Applying bergamot essential oil to the skin has notable side effects. For one, bergamot essential oil can lead to phototoxicity or photoirritation, a chemically-induced skin irritation caused by light. This effect is believed to be caused by bergapten, a furocoumarin that becomes toxic after exposure to sunlight. This means that bergamot essential oil can, in turn, increase the risk of skin problems such as blisters, rashes, scabs, and sunburns. In worst case scenarios, bergamot essential oil can make an individual more prone to developing skin cancer. To prevent this from happening, simply avoid applying bergamot essential oil before going outside or to areas with plenty of sunlight, or opt for bergapten-free bergamot essential oil.

In addition to greater phototoxicity, bergapten is known to decrease potassium levels and affect potassium absorption as well. A deficiency of potassium can cause an individual to experience muscle cramps, twitching, abnormal sensations in various parts of the body, and blurred vision. This effect has been observed with the frequent consumption of great amounts of Earl Gray tea, so limiting the consumption of this beverage can decrease a person’s susceptibility to potassium deficiency.

As with other essential oils, bergamot essential oil is highly irritating to the skin if used when it hasn’t been sufficiently diluted. Using pure bergamot essential oil can lead to blisters, redness, and changes to skin pigmentation that include patches of lighter skin. People who have citrus fruit allergies or sensitive skin are more vulnerable to the negative impact of bergamot essential oil on skin, so they’re advised against using it altogether.

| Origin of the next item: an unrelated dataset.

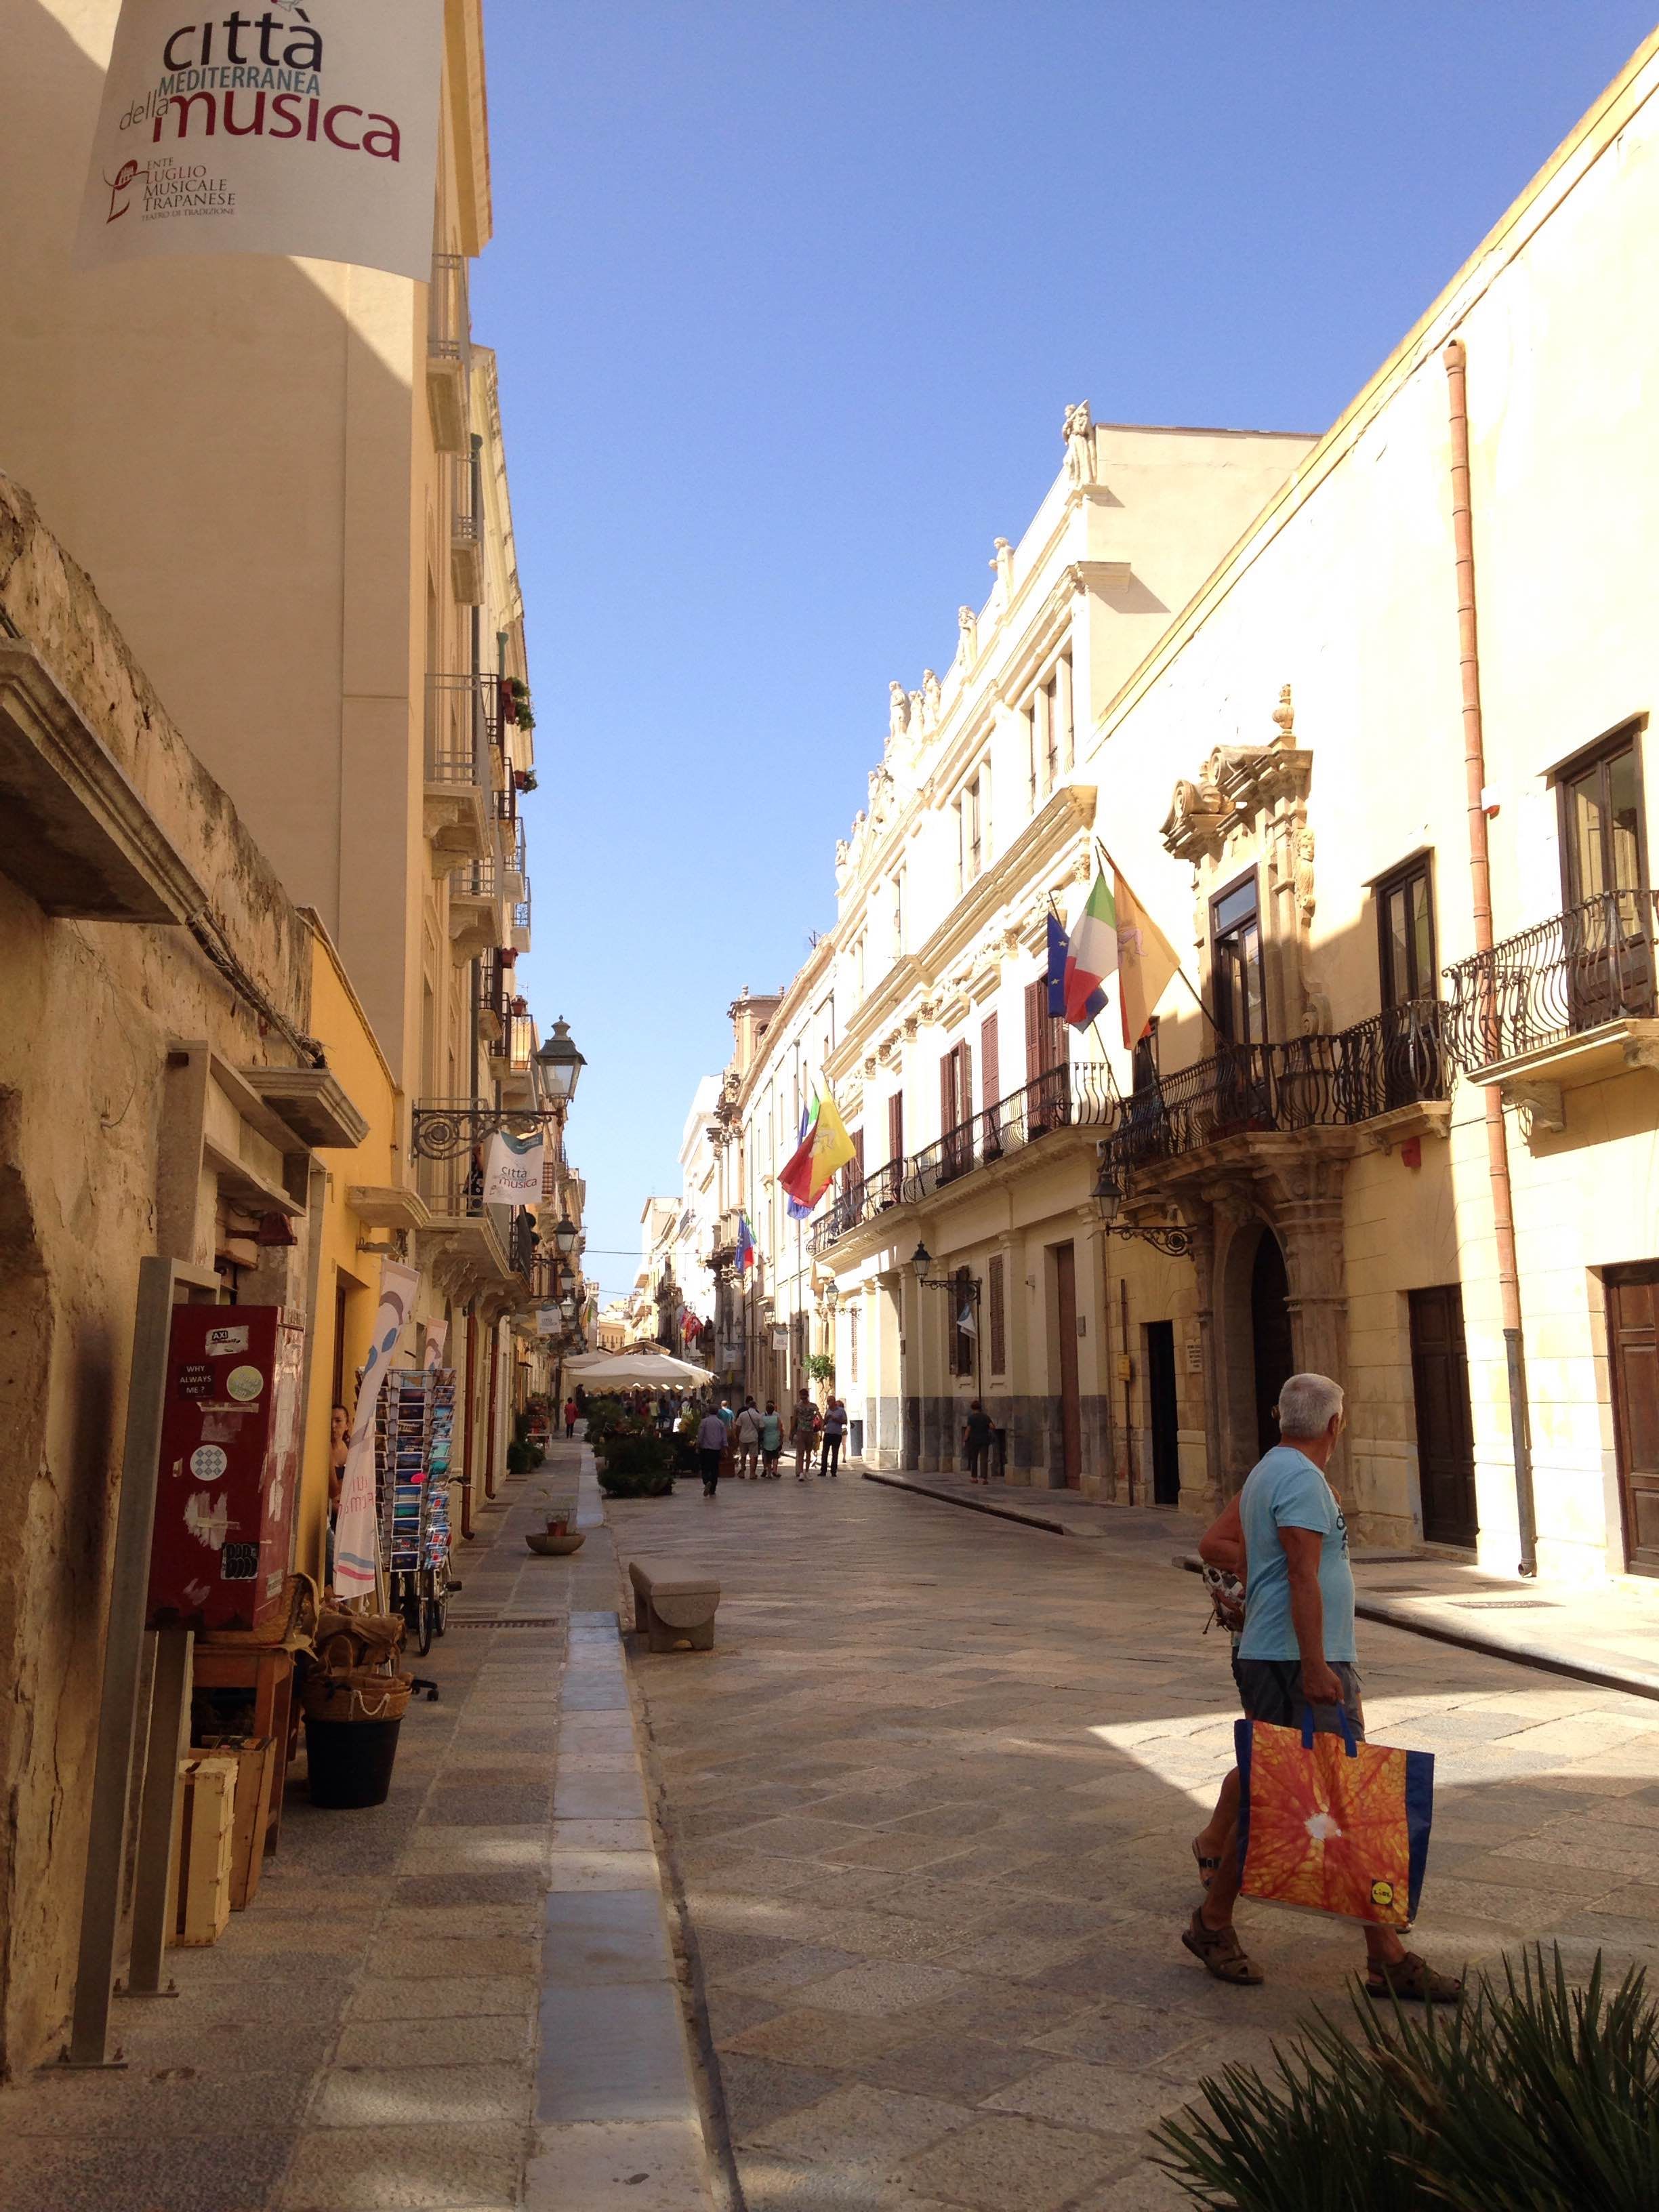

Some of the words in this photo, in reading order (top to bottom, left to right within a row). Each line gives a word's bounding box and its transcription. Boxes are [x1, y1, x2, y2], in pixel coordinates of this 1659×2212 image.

Body systems harmed by bergamot

The skin is most at risk from bergamot essential oil use due to the irritating and phototoxic effects it has. Though its ability to lighten skin pigmentation has made bergamot essential oil a popular natural remedy against vitiligo, its use on the skin should still be limited due to other potential side effects.

Where to learn more


Bergamot is generally helpful and beneficial towards overall health, however it can be harmful depending on how and where it’s used. The bergamot in Earl Gray tea can lead to potassium deficiency when too much of it is taken over long periods of time. On the other hand, bergamot essential oils can increase phototoxicity and lead to sunburn, blisters, rashes, and even skin cancer. Undiluted bergamot essential oil is just as harmful to the skin as it can cause skin pigmentation changes.